The Office for National Statistics has been examining the value of unpaid work.
Every three months the news headlines draw attention to how much UK gross domestic product (GDP) has changed over the past quarter – the last reading was +0.5%, better than many experts had predicted in the wake of the Brexit vote. However, GDP is a slippery concept and some activity is deliberately excluded from the measure.
In November the Office for National Statistics (ONS) looked at one of those excluded areas – the unpaid work which households carry out for themselves or other households. Such work covers a range of activities, from housework and cooking through to driving ‘mum’s/dad’s taxi’ and volunteering. The ONS puts the value of all such unpaid work at just over £1,000bn in 2014, which is more than half of the GDP for the year of £1.8 bn.

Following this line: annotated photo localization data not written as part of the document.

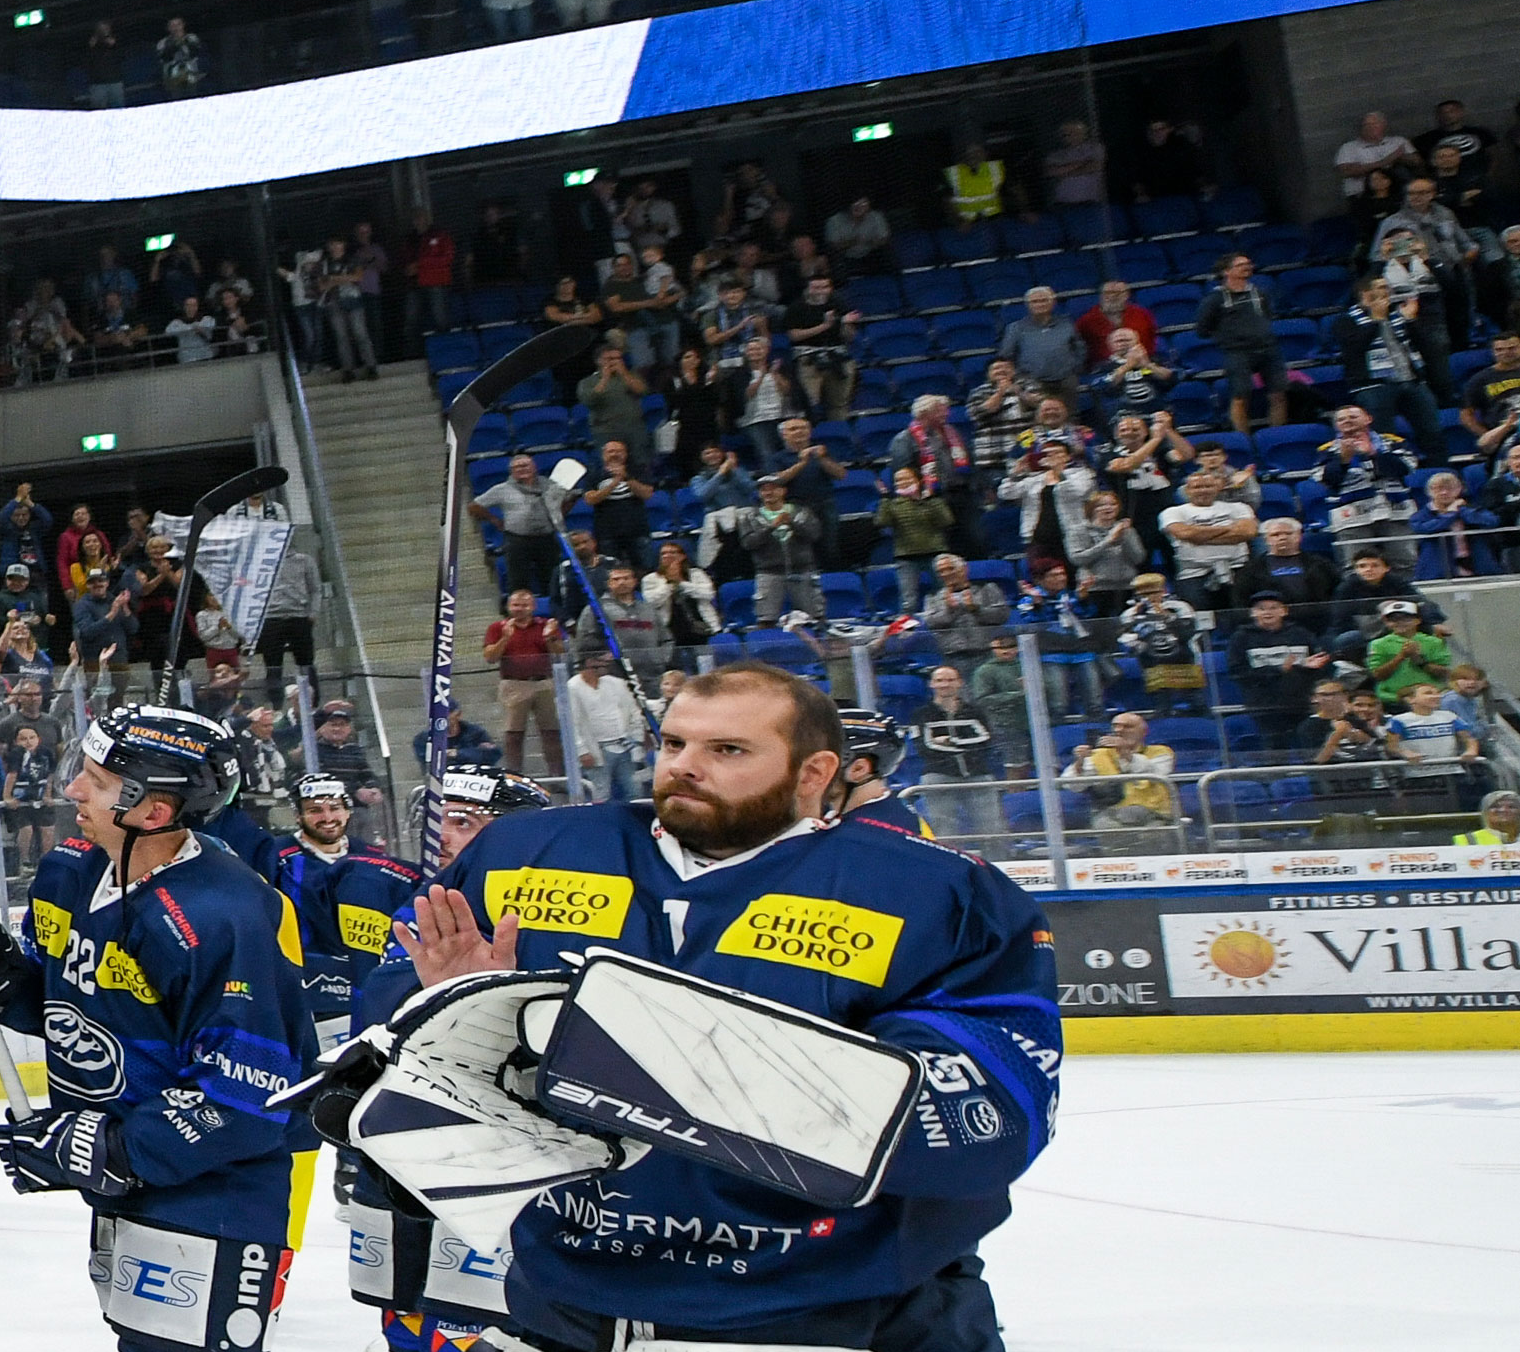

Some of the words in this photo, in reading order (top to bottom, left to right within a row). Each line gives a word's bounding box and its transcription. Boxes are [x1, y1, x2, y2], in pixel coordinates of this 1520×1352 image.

[223, 758, 240, 778] 22
[1184, 868, 1248, 881] FERRARI
[1291, 864, 1357, 878] FERRARI
[1389, 861, 1457, 875] FERRARI
[784, 903, 851, 925] CAFFÈ
[1268, 893, 1377, 910] FITNESS
[747, 911, 875, 953] CHICCO
[1303, 925, 1520, 974] Villa
[60, 928, 97, 996] 22
[753, 933, 860, 969] D'ORO
[162, 1107, 202, 1146] ANNI
[546, 1079, 708, 1149] TRUE
[535, 1189, 803, 1255] ANDERMATT
[350, 1228, 387, 1268] ES
[660, 1246, 750, 1277] ALPS
[114, 1255, 208, 1309] SES
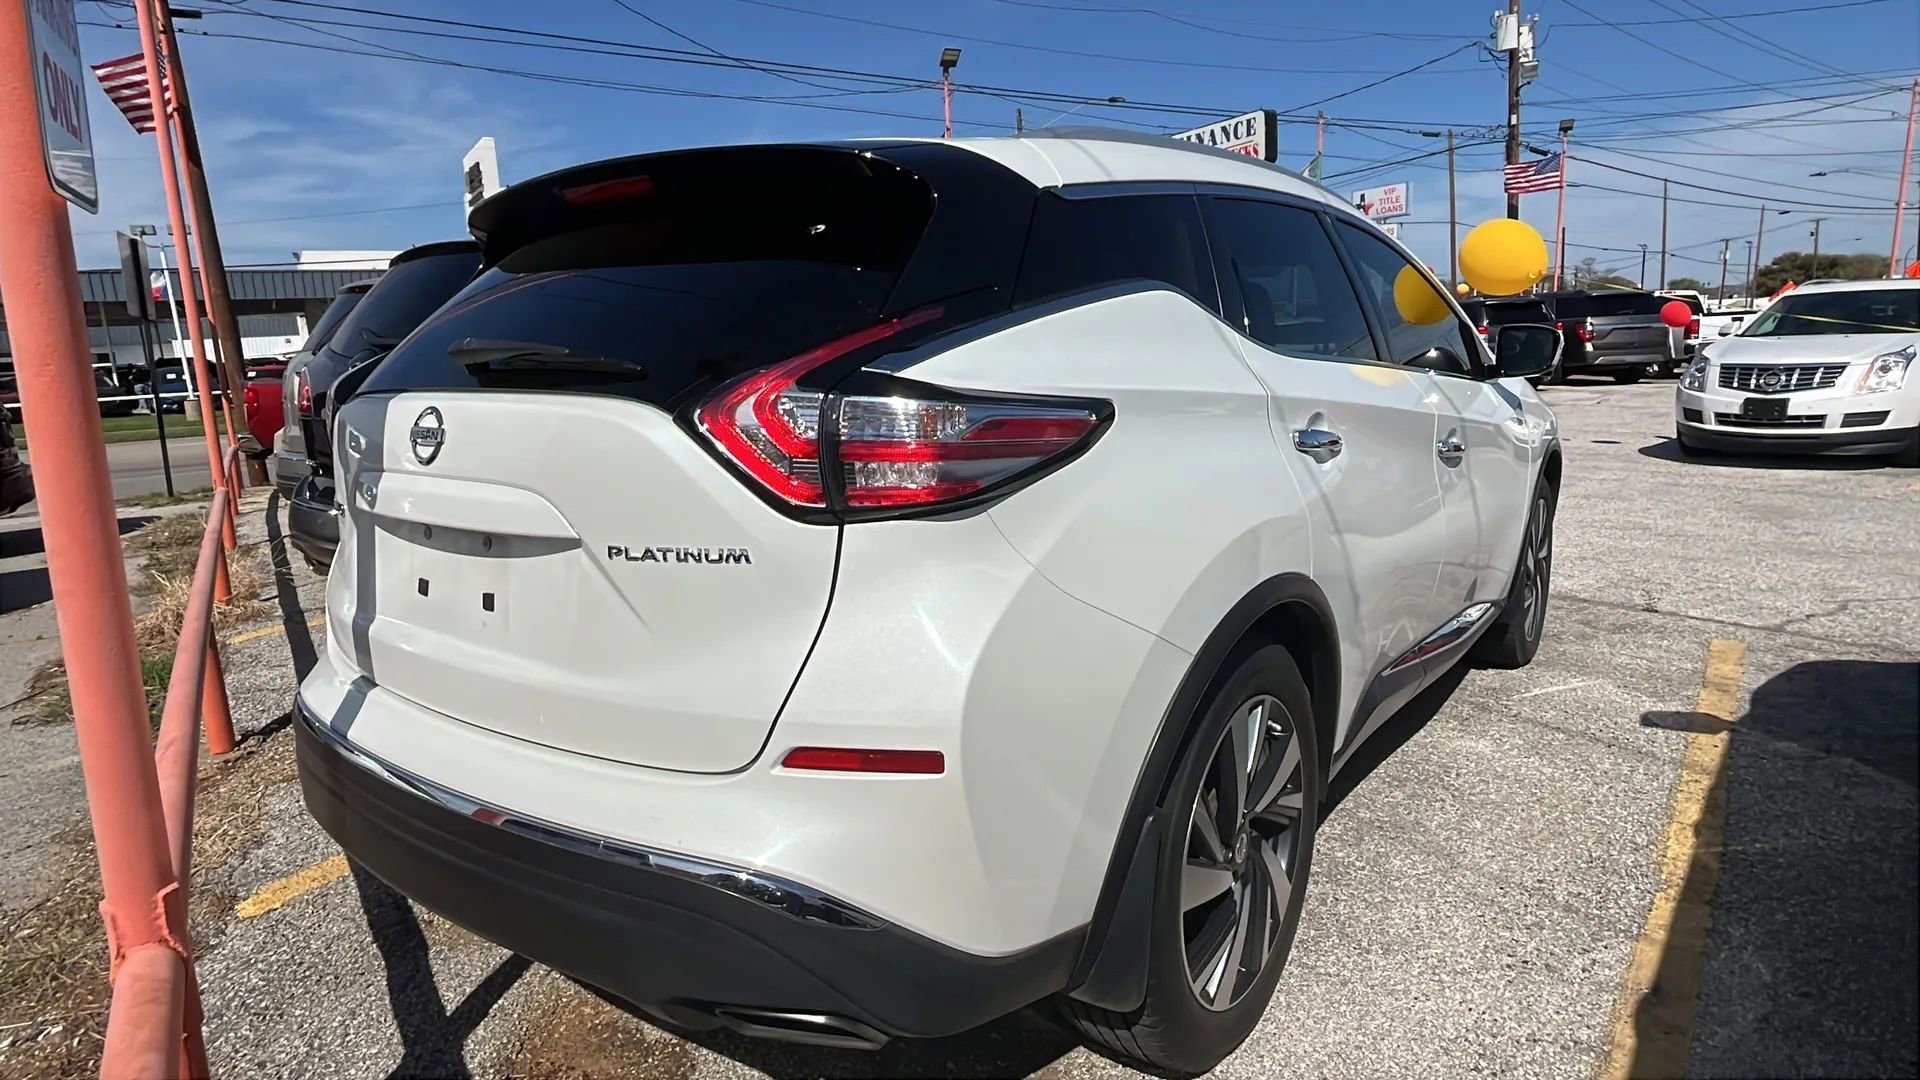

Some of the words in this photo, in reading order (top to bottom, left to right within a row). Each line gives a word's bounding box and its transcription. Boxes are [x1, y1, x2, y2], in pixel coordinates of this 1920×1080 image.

[43, 51, 83, 143] ONLY
[1180, 117, 1257, 147] NANCE
[1383, 187, 1397, 196] VIP
[1378, 195, 1401, 206] TITLE
[1375, 204, 1404, 215] LOANS
[607, 545, 752, 565] PLATINUM
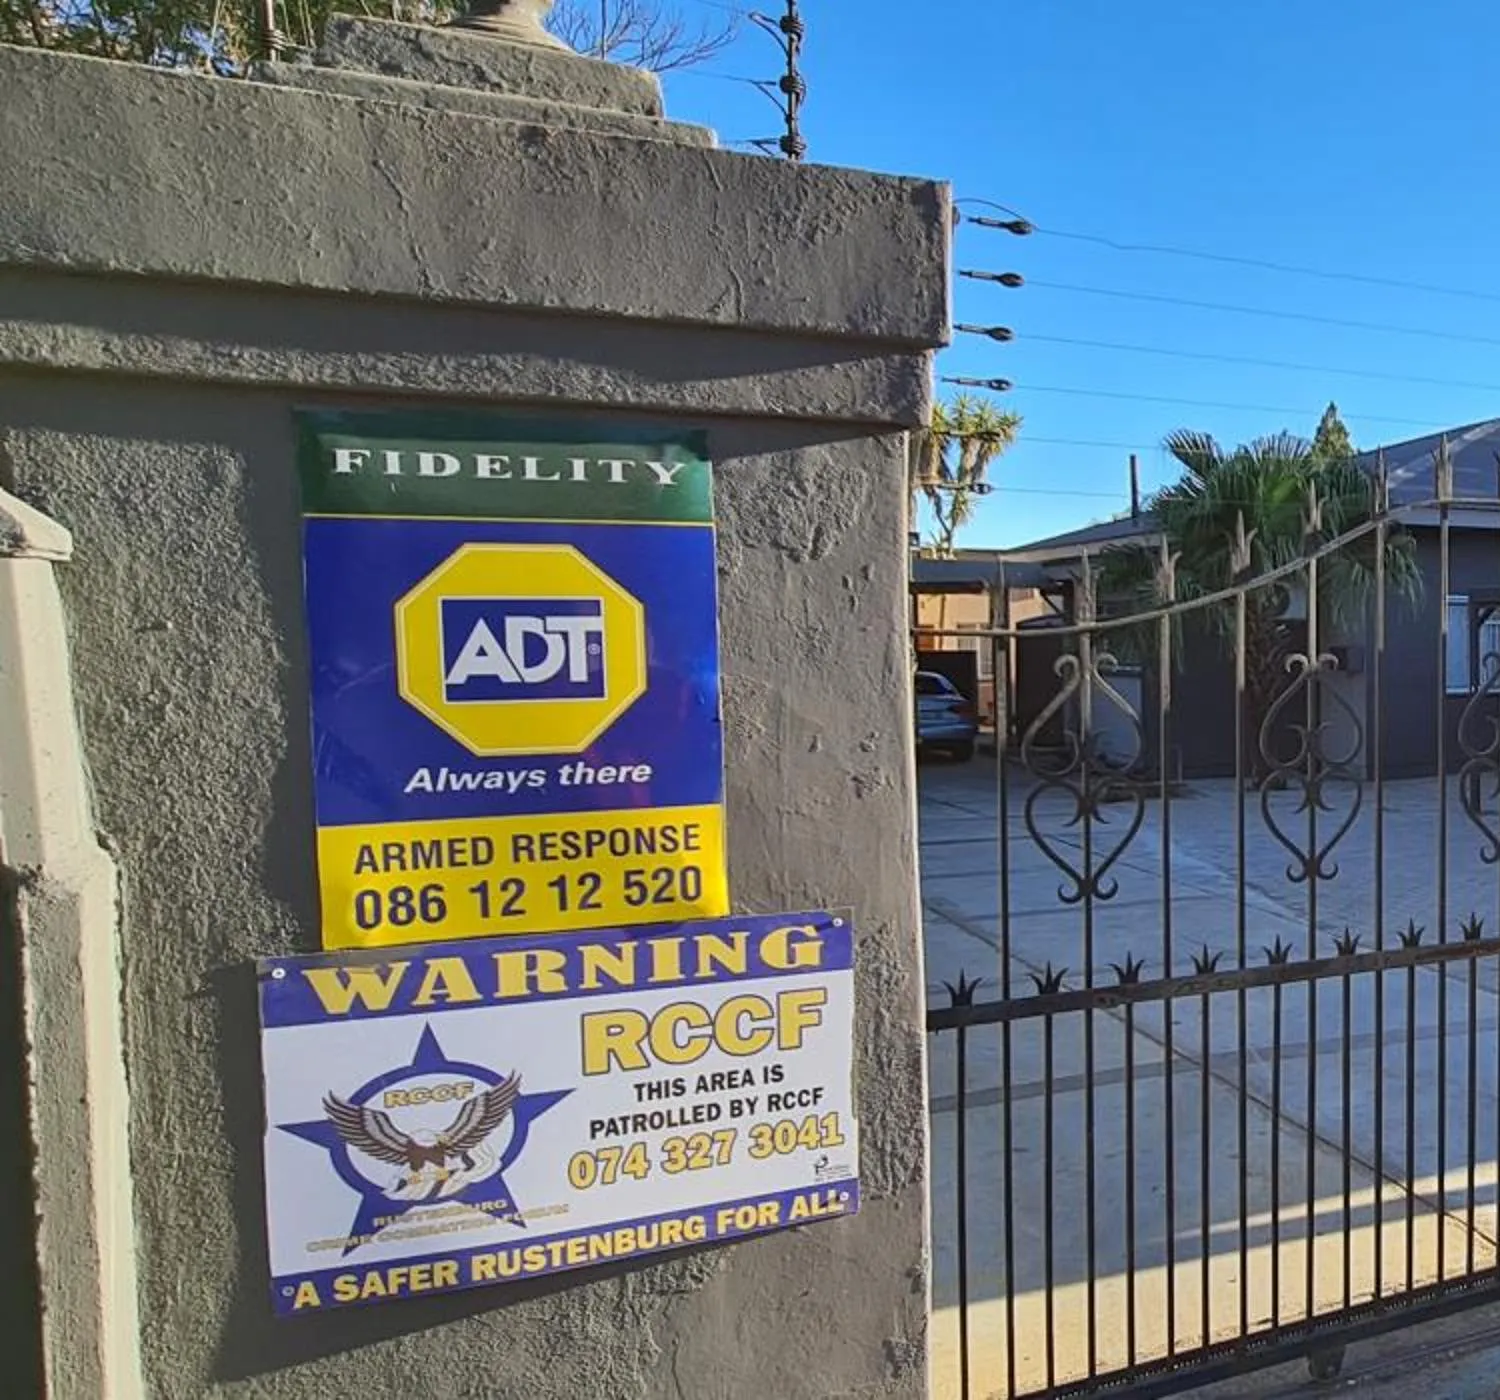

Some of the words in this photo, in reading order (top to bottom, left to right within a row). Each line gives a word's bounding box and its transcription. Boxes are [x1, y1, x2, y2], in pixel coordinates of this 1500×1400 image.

[333, 447, 687, 485] FIDELITY
[446, 616, 602, 684] ADT
[404, 767, 547, 795] Always
[558, 761, 653, 786] there
[354, 835, 495, 875] ARMED
[511, 823, 701, 864] RESPONSE
[354, 883, 448, 930] 086
[468, 878, 527, 919] 12
[547, 871, 603, 912] 12
[623, 864, 703, 907] 520
[301, 925, 825, 1015] WARNING
[580, 986, 828, 1077] RCCF
[589, 1102, 722, 1140] PATROLLED
[729, 1096, 759, 1119] BY
[766, 1086, 825, 1113] RCCF
[634, 1077, 687, 1102] THIS
[695, 1069, 755, 1095] AREA
[763, 1064, 785, 1085] IS
[568, 1141, 650, 1190] 074
[660, 1127, 738, 1174] 327
[747, 1111, 845, 1159] 3041
[294, 1280, 321, 1310] A
[332, 1259, 460, 1302] SAFER
[471, 1215, 707, 1282] RUSTENBURG
[716, 1201, 781, 1236] FOR
[788, 1188, 846, 1222] ALL
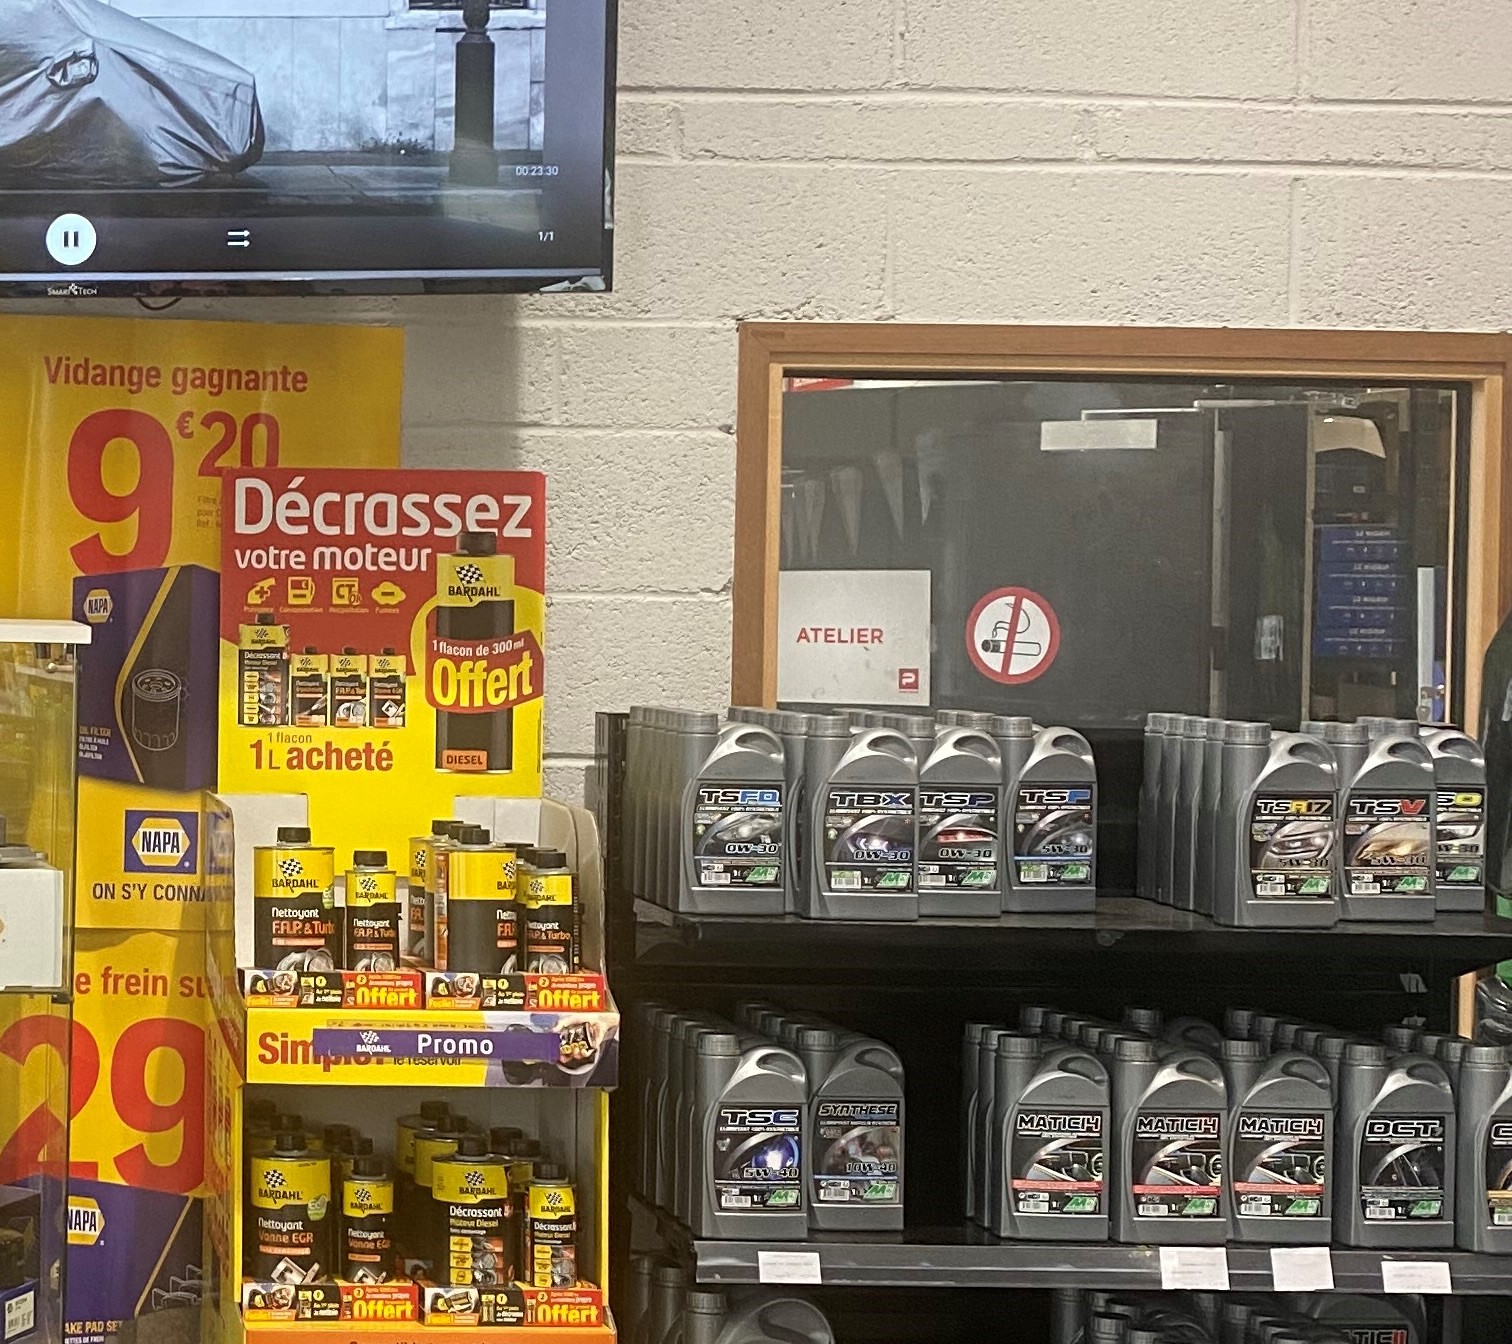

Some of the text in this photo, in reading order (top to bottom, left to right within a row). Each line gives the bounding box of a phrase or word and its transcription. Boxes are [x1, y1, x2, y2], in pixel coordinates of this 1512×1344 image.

[515, 166, 559, 176] 00:23:30
[538, 231, 554, 241] 1/1
[44, 356, 309, 396] Vidange gagnante
[67, 408, 174, 574] 9
[234, 476, 533, 539] Décrassez
[234, 542, 432, 571] votre moteur
[447, 585, 501, 598] BARDAHL
[87, 598, 109, 614] NAPA
[796, 627, 884, 644] ATELIER
[431, 639, 439, 652] 1
[439, 639, 473, 656] flacon
[475, 641, 490, 656] de
[491, 639, 513, 654] 300
[432, 650, 533, 707] Offert
[267, 732, 313, 744] 1 flacon
[249, 739, 263, 770] 1
[286, 740, 394, 772] acheté
[445, 753, 484, 767] DIESEL
[829, 792, 912, 807] TBX
[919, 792, 995, 807] TSP
[1349, 798, 1427, 816] TSV
[141, 831, 181, 854] NAPA
[725, 842, 779, 854] 0W-30
[853, 849, 911, 861] 0W-30
[938, 848, 993, 858] 0W-30
[271, 879, 320, 889] BARDAHL
[93, 883, 206, 903] ON S'Y CONN
[355, 892, 389, 901] BARDAHL
[271, 907, 320, 919] Nettoyant
[353, 918, 390, 929] Nettoyant
[100, 966, 168, 997] frein
[356, 986, 418, 1007] Offert
[539, 989, 601, 1009] Offert
[356, 1034, 494, 1055] BARDAHL Promo
[818, 1103, 898, 1118] SYNTHESE
[1365, 1119, 1441, 1138] DCT
[743, 1167, 800, 1179] 5W-40
[845, 1162, 898, 1173] 10W-40
[258, 1188, 303, 1201] BARDAHL
[458, 1187, 497, 1196] BARDAHL
[449, 1205, 503, 1218] Décrassant
[258, 1217, 304, 1232] Nettoyant
[258, 1232, 314, 1244] Vanne EGR
[353, 1299, 414, 1320] Offert
[538, 1304, 599, 1324] Offert
[64, 1321, 83, 1334] AKE
[85, 1320, 105, 1334] PAD

ONS says that on average men do 16 hours of unpaid work each week, worth about £166, whereas women do 26 hours, worth about £260.
Discovering what you are not earning (or paying for!) is an interesting exercise, but there is a serious aspect to consider. Who would do that unpaid work if you or your partner were unable to so, for example because of illness? The cost would be considerably more than the ONS website numbers because their calculator works from what the notional employee would be paid for the service concerned, not what their employer would charge to provide it.
When you next review your income protection and life assurance cover – January would be a good time – it’s worth remembering the cost of those unpaid services.